私は演劇学校に通っていないので、女優として正式な訓練を受けていません。本能にまかせて感じたまま演じながら、舞台のリハーサルで役者としての立ち振る舞いを学びました。つまり、マーティンの作品が、私を女優として形作ったとも言えます。まだ、とても若い頃でしたし、私はアイルランドの田園地方の出身ですので、役に共感するところが多かったのです。
──イニシェリン島は架空の島ですが、アイルランドのアラン諸島で撮影が行われました。本作は「イニシュマン島のビリー」、「ウィー・トーマス」に次ぐ、マーティン・マクドナー監督のアラン諸島3部作の第3章にあたると思いますか。

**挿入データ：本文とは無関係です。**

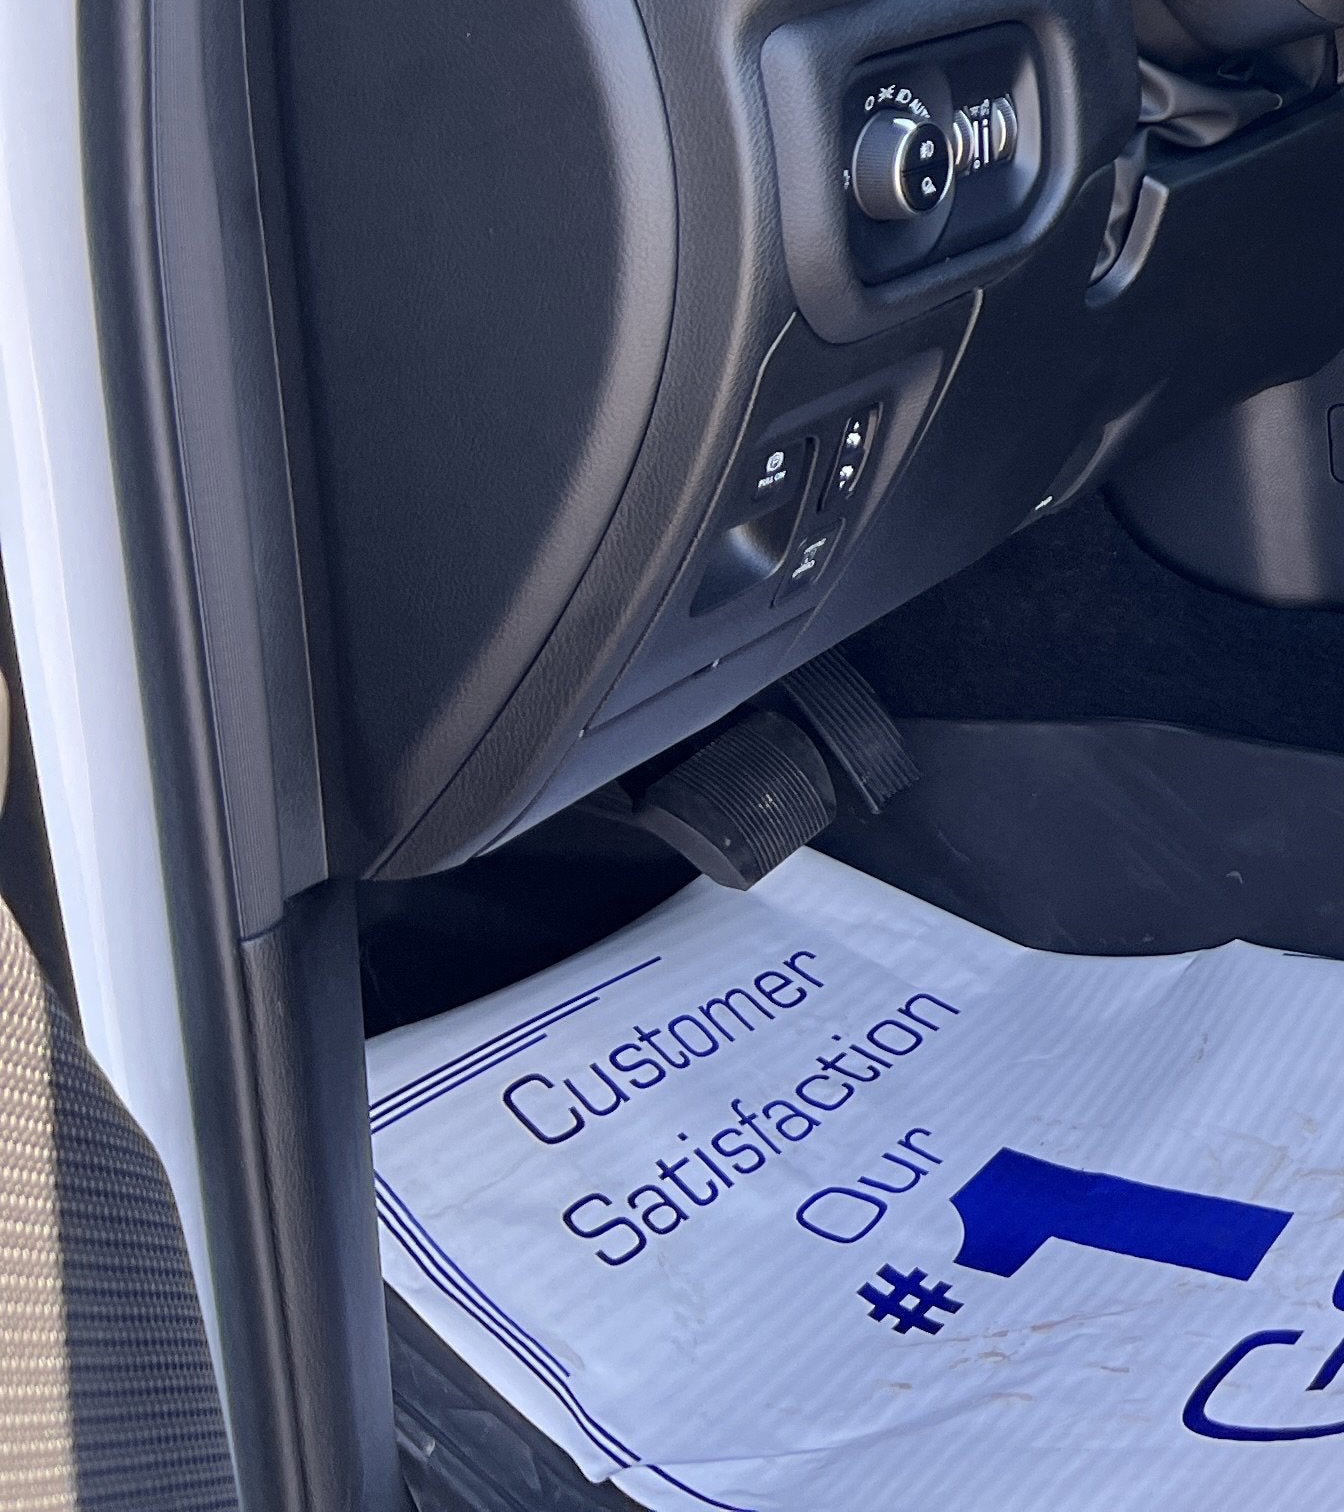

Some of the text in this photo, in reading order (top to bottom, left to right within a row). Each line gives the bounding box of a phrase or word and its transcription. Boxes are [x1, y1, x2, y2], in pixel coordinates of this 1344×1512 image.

[503, 949, 826, 1146] Customer
[564, 991, 963, 1268] Satisfaction
[795, 1126, 944, 1245] Our
[857, 1147, 1294, 1336] #1
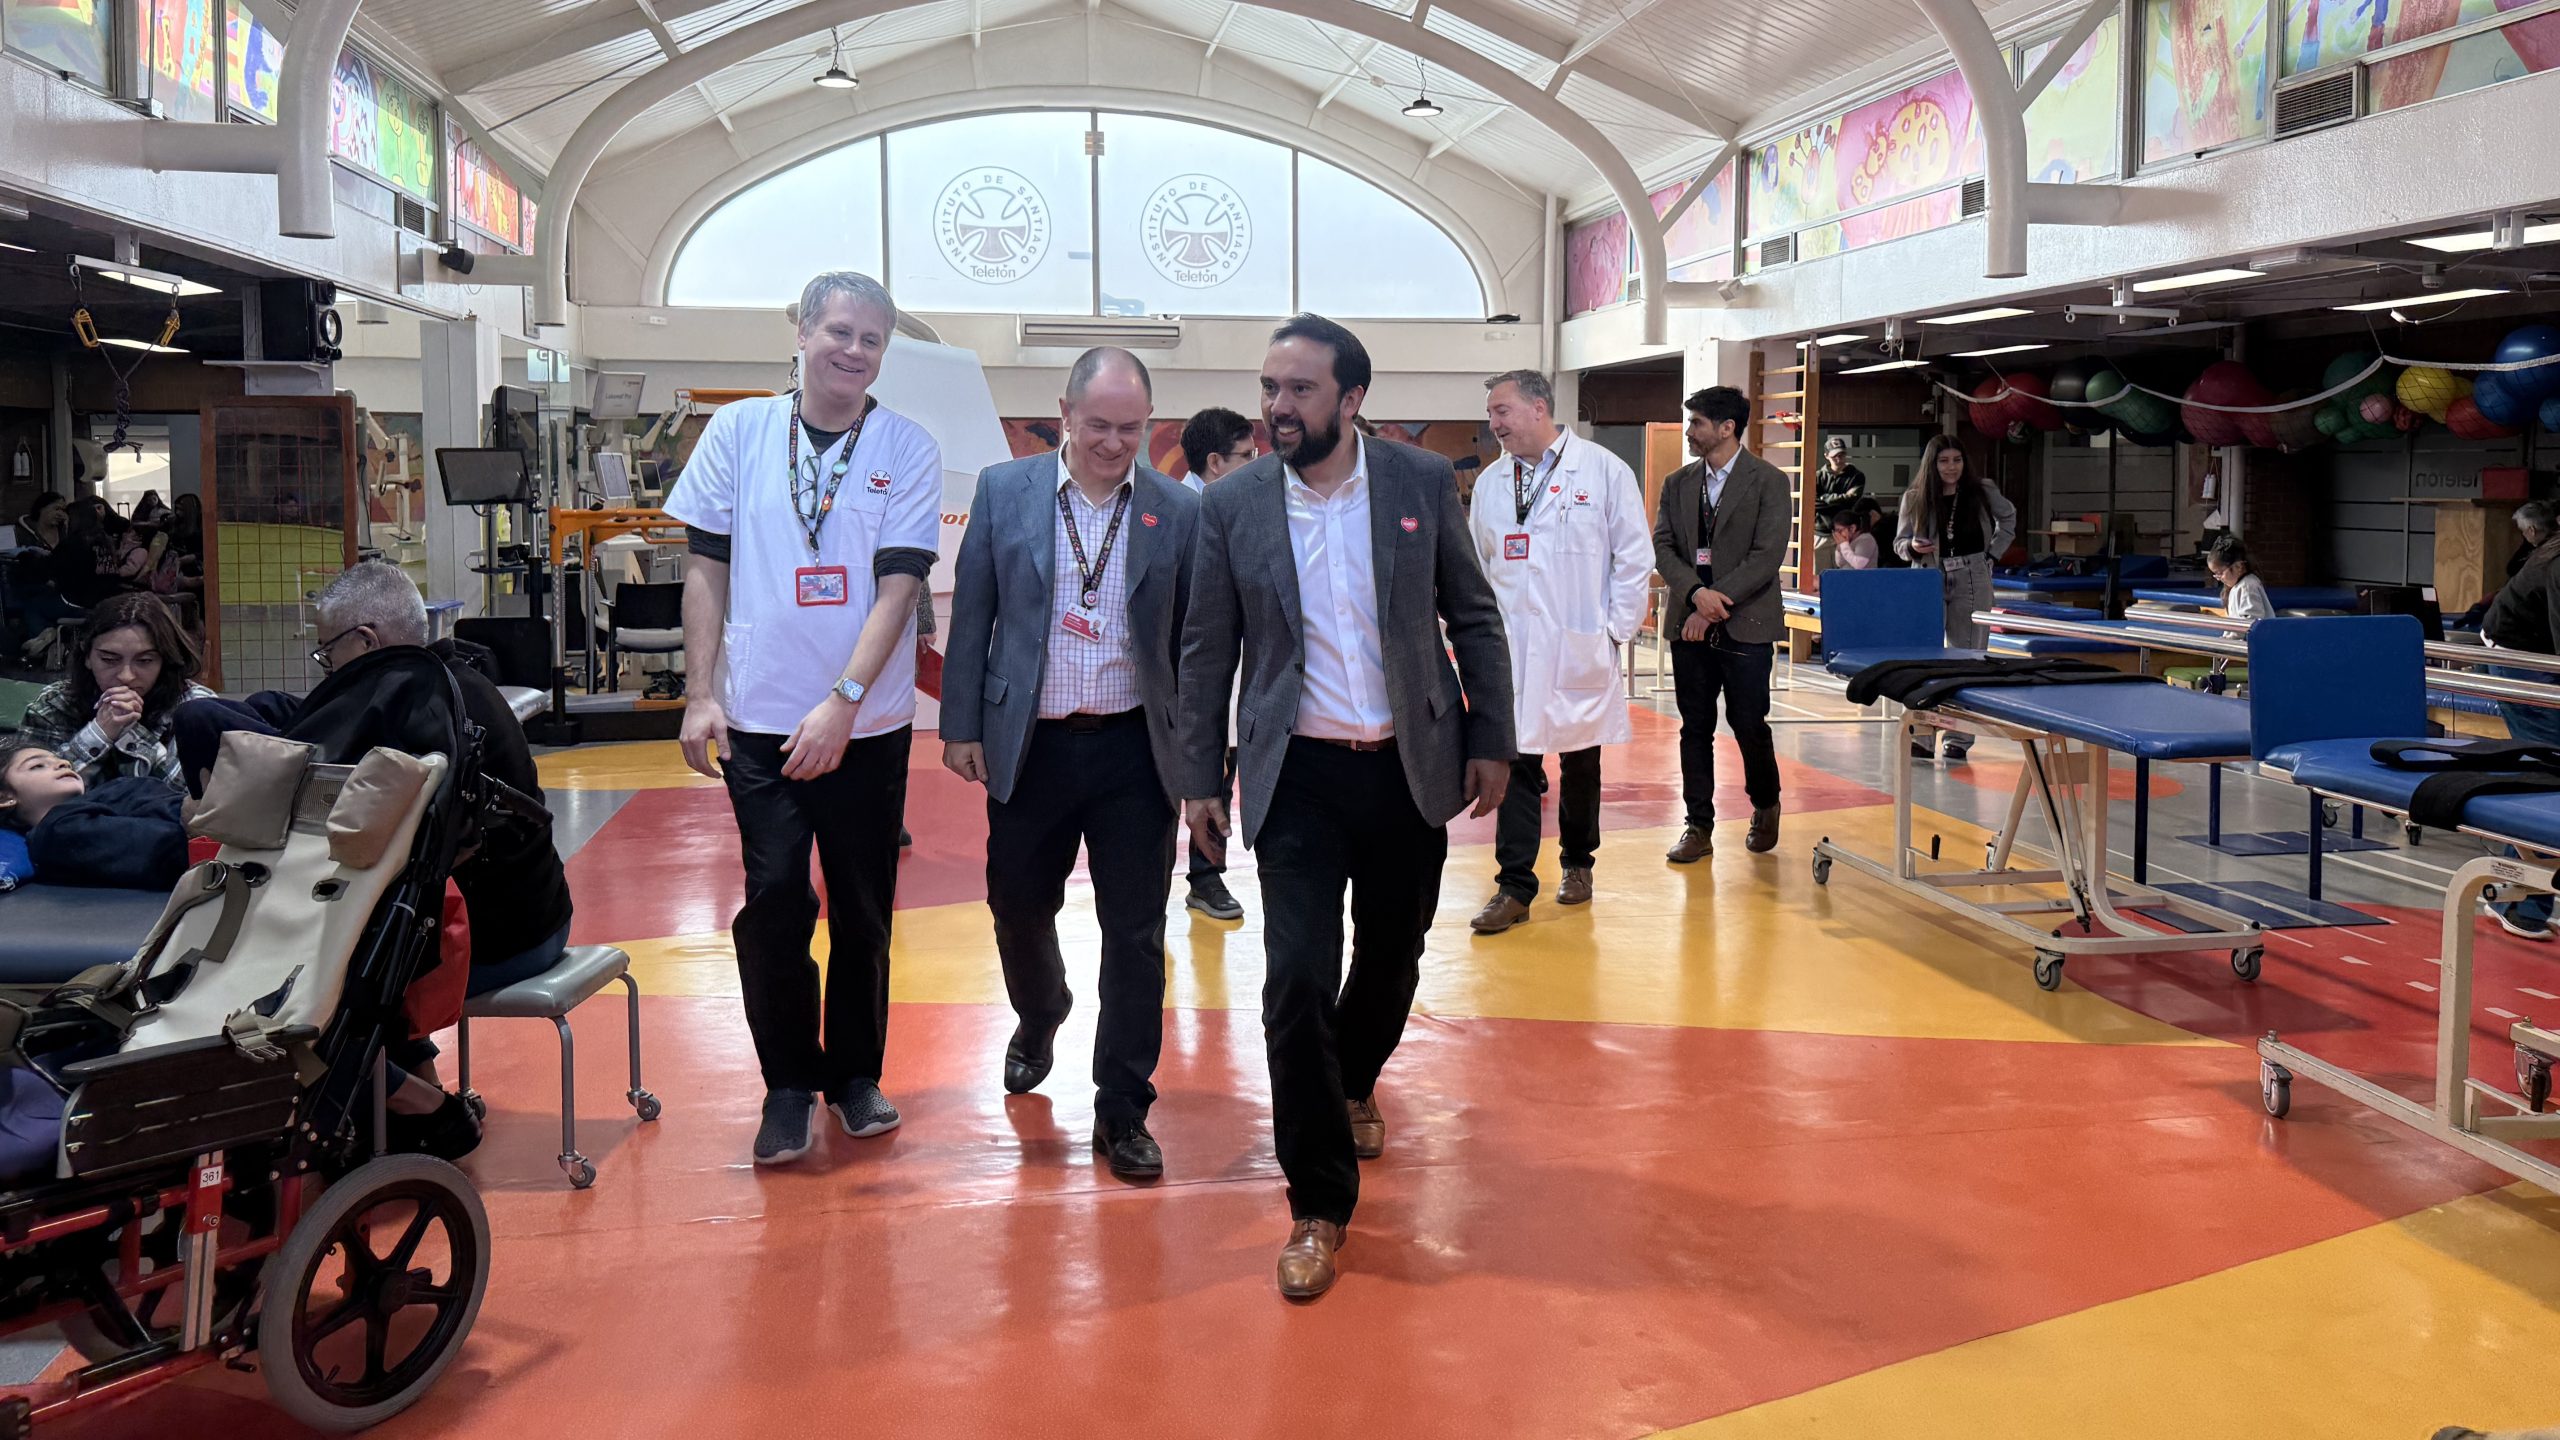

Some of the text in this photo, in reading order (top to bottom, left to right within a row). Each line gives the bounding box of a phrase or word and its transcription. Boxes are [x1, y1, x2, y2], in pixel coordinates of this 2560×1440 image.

[942, 175, 1042, 264] INSTITUTO DE SANTIAGO
[1148, 181, 1244, 269] INSTITUTO DE SANTIAGO
[202, 1170, 220, 1183] 361

「イニシュマン島のビリー」、「ウィー・トーマス」に登場する人物は繋がっていますが、『イニシェリン島の精霊』は違います。マーティンは他の2作とは別ものと捉えているのでしょう。しかし、3つの作品には間違いなく似たような雰囲気があります。脚本を読みながら映画というよりも戯曲のように感じ、マーティンは自分のキャリアの原点に戻ろうとしているのではないかと思いました。
──本作のキャストの多くが、マーティン監督の他の作品に出演しています。
それは本当に助かりました。もちろん、“マーティン作品の出演経験があったから役がきた”というわけではありませんが、イニシェリンの町が生き生きとしていたのは、全ての俳優が真剣に演技に取り組んだからだけでなく、顔見知りということもあり、セリフのやりとりがとても自然にできたからだと思います。
──能天気な農夫パードリックの妹シボーンを演じられましたが、シボーンについてどう思いましたか。
「ウィー・トーマス」のマレードや「イニシュマン島のビリー」のヘレンは話が上手で機転が利き、はっきりとした信念を持っていて、自分が見えています。ところがシボーンは自分に自信がないように思えて、脚本を読んだときはマレードやヘレンよりも演じ甲斐がなさそうに思えました。
ところがリハーサルが始まってみると、シボーンの方が数段、難しい役だと気づいたのです。シボーンは「存在を認められていない」といった孤独や「自分の気持ちを汲んでもらえない」という怒りの感情を抱えており、そのことで悩んでいるので心は多層的です。しかし、それらは抑え込まれているので、ちらりと出すくらいに留めなくてはならない。まだ若いヘレンやマレードには不要だった円熟味が求められました。